Maria Kolesnikova et Ales Bialiatski, figures emprisonnées du combat contre Alexandre Loukachenko : "Je fais ce que je considère bien et nécessaire"
La Biélorussie garde 1 256 prisonniers politiques sous les verrous, dénombre le Centre des droits humains Viasna.

- Publié le 26-01-2025 à 08h03
- Mis à jour le 27-01-2025 à 10h14

"Au 23 janvier, 1 256 personnes en Biélorussie sont considérées comme des prisonniers politiques" et "leur nombre augmente presque chaque semaine". Qualifié de "formation extrémiste" par le régime d'Alexandre Loukachenko, le Centre des droits humains Viasna continue inlassablement son combat pour que ne soient pas oubliés ses militants emprisonnés, les manifestants pacifiques, hommes d'affaires, blogueurs et autres opposants qui, pour la plupart, ont fait et font "l'objet de poursuites pénales motivées par des considérations politiques".
Parmi eux, le président de Viasna et colauréat du prix Nobel de la paix 2022, Ales Bialiatski, ainsi que l'opposante et colauréate du prix Sakharov 2020, Maria Kolesnikova. Tous deux étaient membres du "conseil de coordination" mis en place par l'opposition biélorusse en 2021, après la réélection frauduleuse du dictateur qui avait entraîné un mouvement de protestation massif en 2020.
Le premier, spécialiste de la littérature biélorusse, 62 ans, a été condamné à 10 ans de prison le 3 mars 2023. Les activités du fondateur de Viasna l'avaient déjà conduit derrière les barreaux entre 2011 et 2014. Il a alors repris le combat. "Je fais ce que je considère bien et nécessaire", nous disait-il en 2017. Sa santé se détériorant, Amnesty International a réclamé sa "libération immédiate et inconditionnelle" l'été dernier. En vain.

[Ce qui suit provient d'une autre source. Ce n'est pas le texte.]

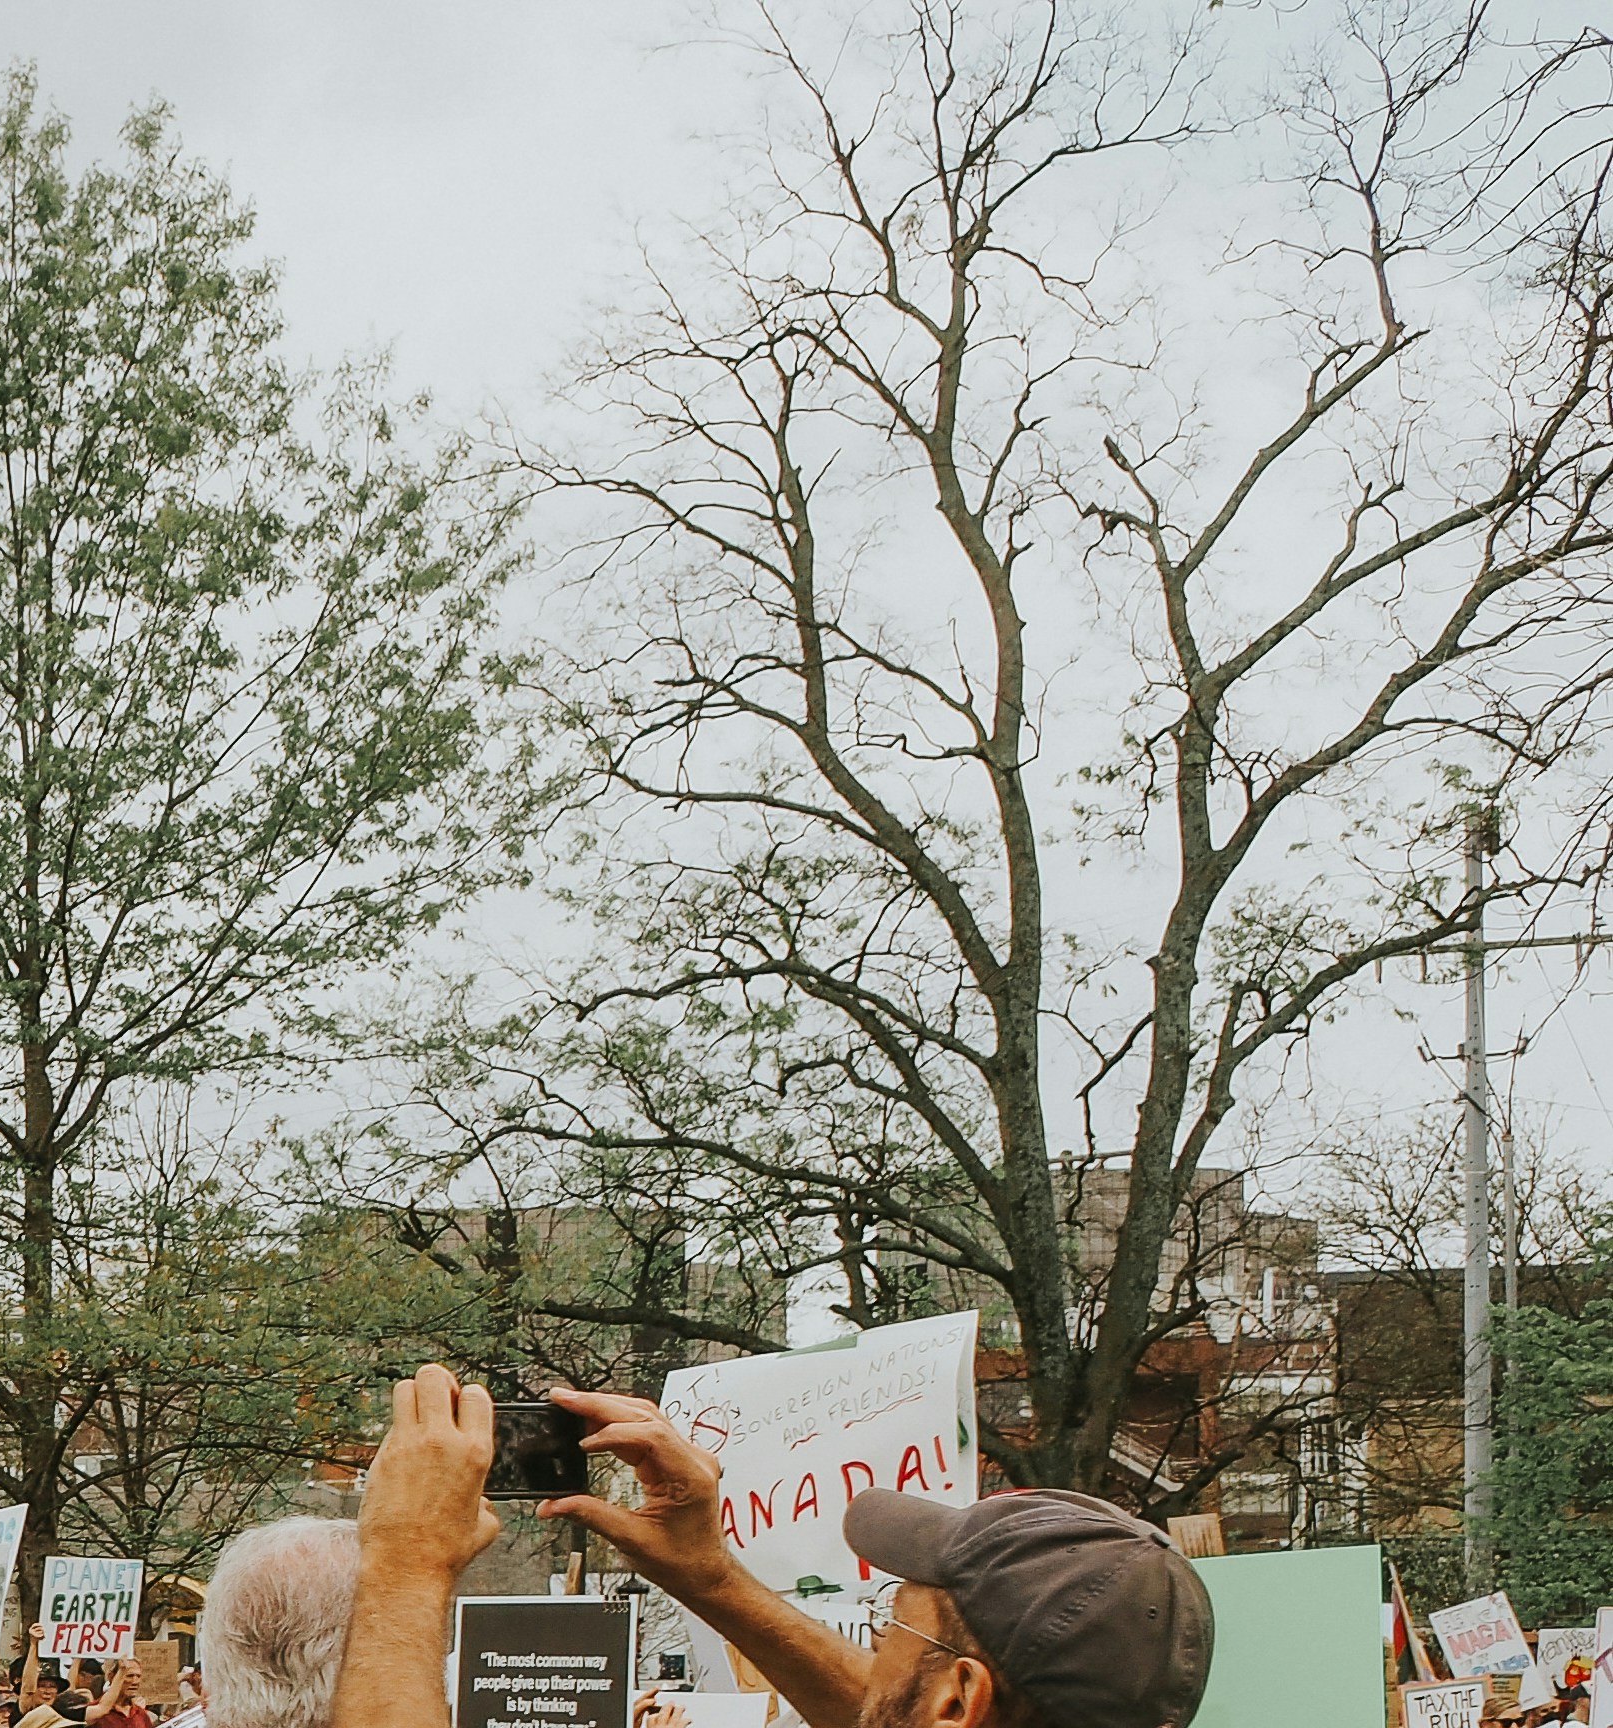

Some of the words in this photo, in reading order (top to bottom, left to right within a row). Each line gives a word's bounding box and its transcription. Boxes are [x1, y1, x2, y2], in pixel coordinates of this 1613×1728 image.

La seconde, musicienne, 42 ans, a été condamnée à 11 ans le 6 septembre 2021. Masha, comme ses proches la surnomment, formait, avec Svetlana Tikhanovskaïa (que beaucoup considèrent comme la présidente élue) et Veronika Tsepkalo, un trio féminin de choc qui avait mobilisé les foules et les électeurs face à Alexandre Loukachenko en 2020. Seule des trois opposantes à être restée au pays, Maria Kolesnikova était devenue la première figure de l'opposition en Biélorussie même. Selon le quotidien polonais Gazeta Wyborza, elle est détenue à l'isolement en colonie pénitentiaire à Gomel.